Untangling the relationship between chronic age-related conditions is fraught with bias. Patients with one disease may not live to get the other, and diagnosis with one serious condition may “mask” diagnosis with others. These factors do not seem to solely explain the relationship between cancer and AD, however, as decreased cancer risk is not seen in vascular dementia or stroke, other age-related conditions associated with impaired cognition and increased mortality.7 Furthermore, the lower risk of AD is found both in cancer survivors and non-survivors,3 and decreased risks of one disease are present both before and after diagnosis with the other.4 Nevertheless, the relation between these diseases is complex, and there is much to be discovered, including the role of cancer treatment.13 The most common hypotheses invoked to explain both positive and inverse associations between cancer and neurodegeneration are summarized in Figure 1. The Veterans Affairs (VA) clinical data, with detailed information on over five million US veterans, provides an opportunity to explore this relationship in greater depth.
2.1 Methods
2.2 Study population
We assembled a retrospective cohort of veterans who received outpatient care between 1996 and 2011 in the US Veterans Affairs (VA) Healthcare System using national and regional patient care, healthcare utilization and claims databases. The study protocol was reviewed and approved by the Institutional Review Board of the VA Boston Healthcare System with a waiver of informed consent.

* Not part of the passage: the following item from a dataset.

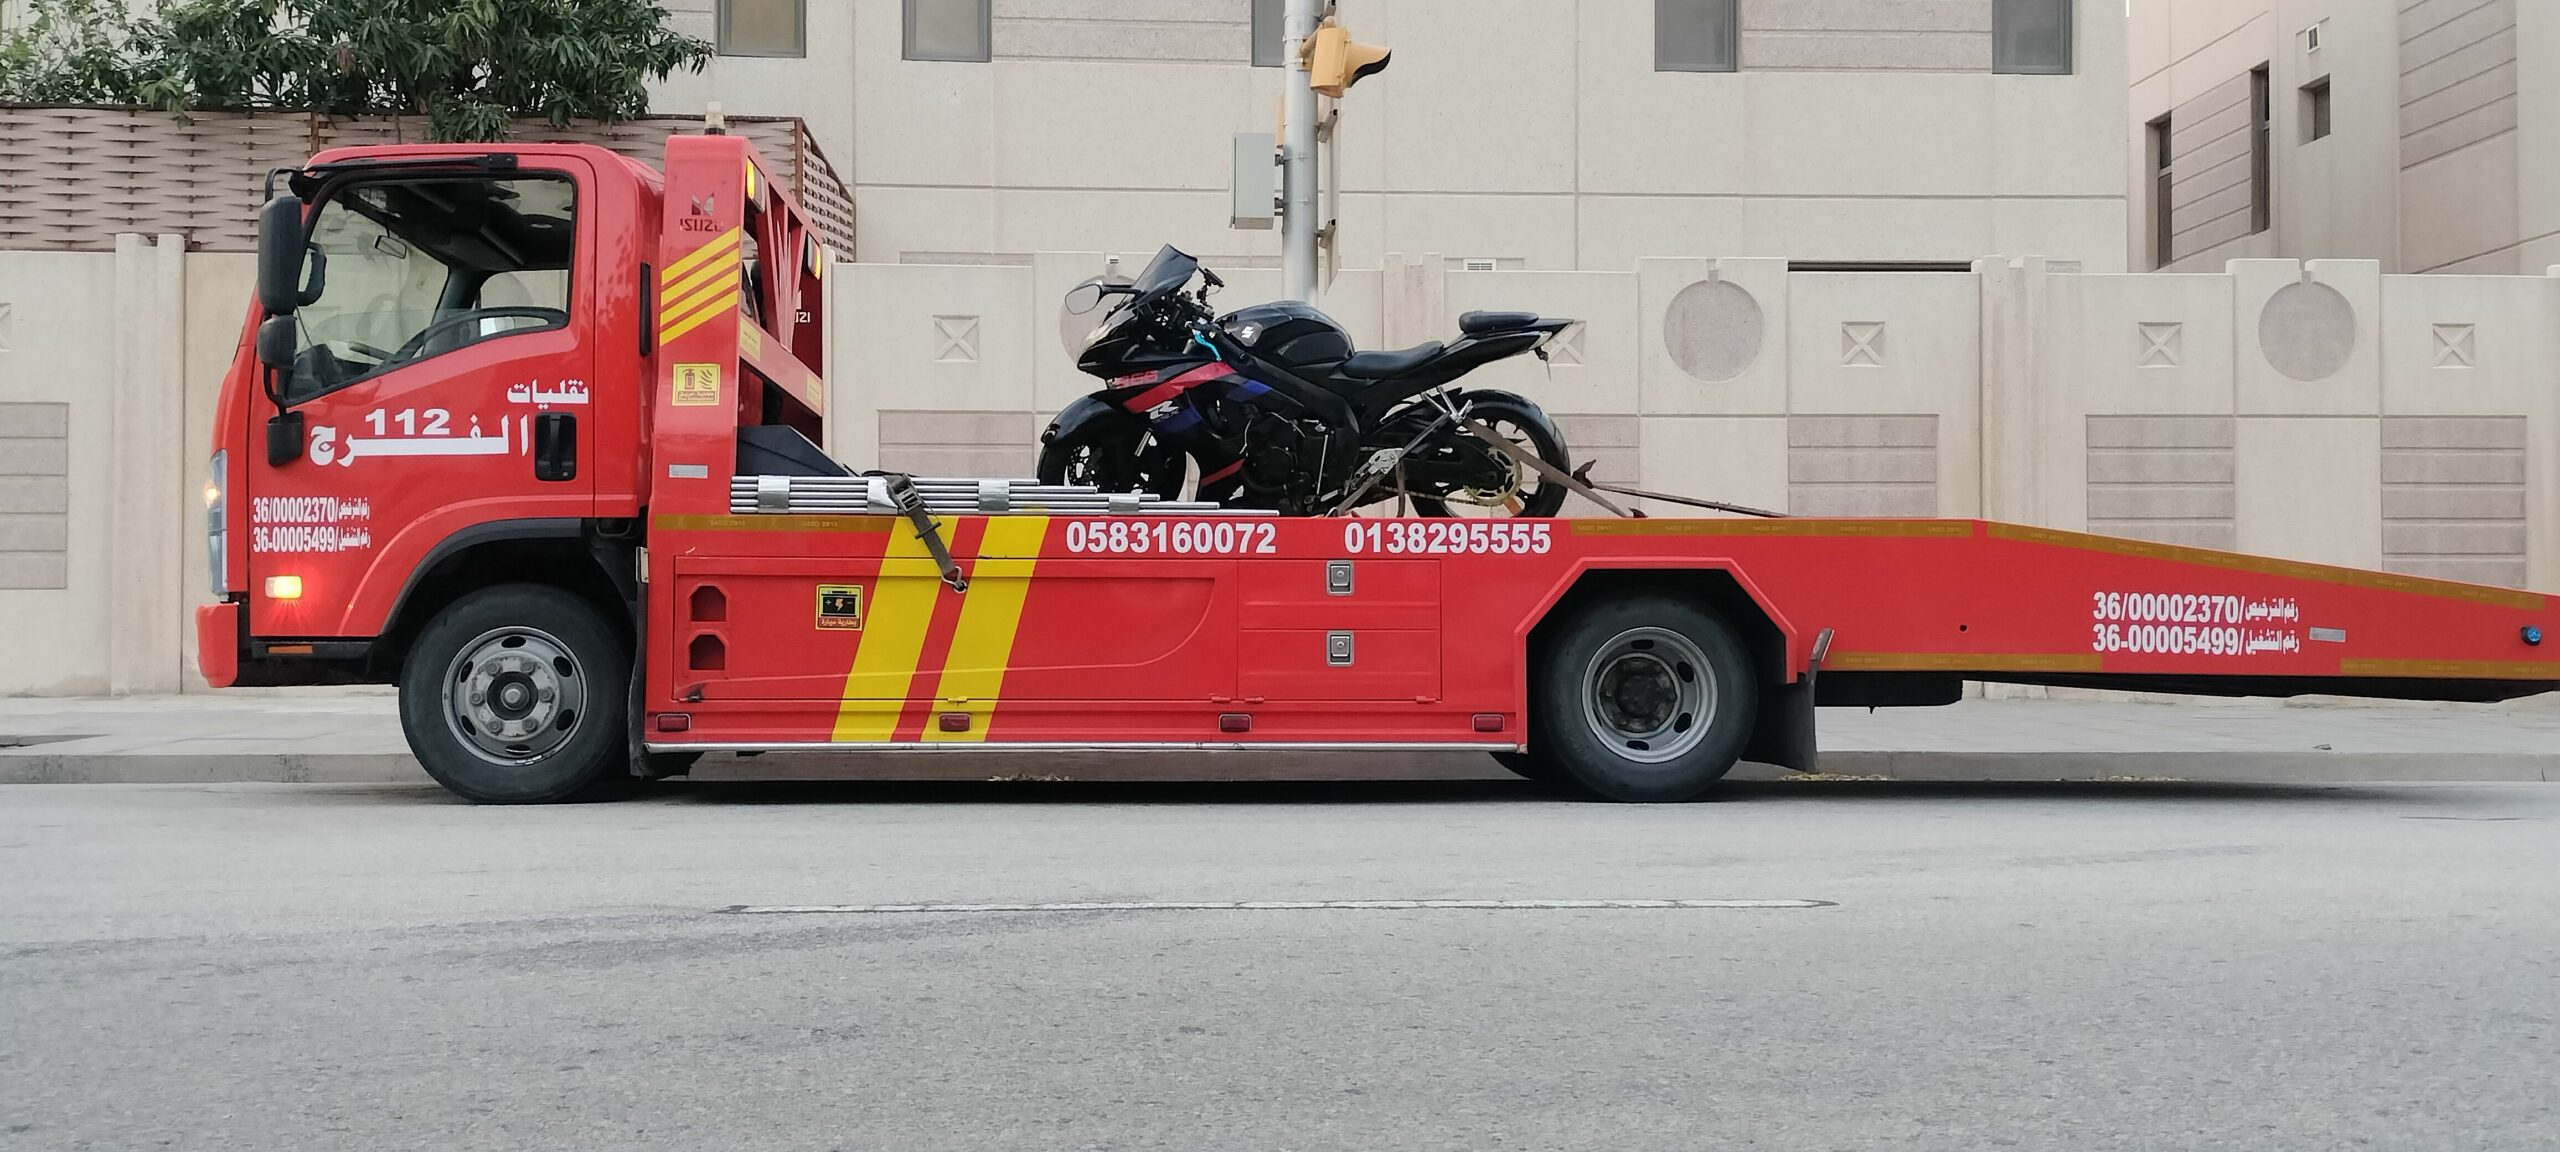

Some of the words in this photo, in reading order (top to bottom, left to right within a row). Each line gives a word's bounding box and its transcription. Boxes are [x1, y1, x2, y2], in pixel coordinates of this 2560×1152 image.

Patients were eligible to enter the cohort if they were aged 65 or older and had been followed in the VA system for at least one year prior to study entry. We excluded veterans who had a diagnosis of any dementia defined by International Classification of Diseases, Ninth Revision (ICD-9) codes (Table 1) or who received prescriptions for dementia-specific medications (galantamine, donepezil, rivastigmine, or memantine) any time prior to and including study baseline. ICD is a classification system of diagnostic codes used by clinicians to indicate the diagnoses relevant to each patient encounter. We required that patients have at least one visit to their primary care doctor in the year prior to study entry to be sure they were followed regularly in the VA.
Table 1.
Variable | ICD-9 codes |
---|---|
Cancer | 140–208, 238.6 |
Any dementia | 290.0–290.3, 290.4–290.9, 291.2, 294.1, 294.11, 331.0–331.8, 331.9, 333.0, 333.4, 780.93, 797, 332.0, 294.8, 294.9, 438.0, 046.1, 046.3 |
Non-AD dementia | 290.4–290.9, 291.2, 294.1, 294.11, 331.1–331.7, 331.82, 331.9, 333.0, 333.4, 780.93, 797, 332.0, 294.8, 294.9, 438.0, 046.1, 046.3, |
Alzheimer’s disease | 331.0, 290.0, 290.2, 290.21, 290.3 |
Stroke | 434.91, 434.11, 430, 431, 432.0–432.9, 434.01 |
Osteoarthritis | 715.9 |
Macular degeneration | 362.5 |
Obesity | 278.0–278.9 |
Hypertension | 401–405 |
Hypercholesterolemia | 272 |
Diabetes | 250, 357.2, 362.01–362.07, 366.41 |
2.3 Exposure and Outcome
The exposure was diagnosis with cancer. Cancer was defined as having two or more codes for the same malignancy from a VA physician in order to avoid misclassification.14 We did not consider non-melanoma skin cancers in this analysis. The date of diagnosis was the first date the code was used in either an inpatient or outpatient encounter. To assess the validity of our cancer definition, we obtained data from the VA Central Cancer Registry (VACCR) on the most common cancers in our cohort: prostate, lung, colon, bladder and non-Hodgkin’s lymphoma.
The primary outcome for our analysis was a new diagnosis of AD. Patients were defined as having received an AD diagnosis if 1) an AD code was used in the outpatient setting by a primary care doctor, neurologist, neuropsychologist, geriatrician, or psychiatrist, and 2) there was no preceding code for another specific dementia (e.g. vascular dementia) or stroke. Alternative outcomes included non-AD dementia (any dementia that did not meet our definition for AD), stroke, osteoarthritis, and macular degeneration.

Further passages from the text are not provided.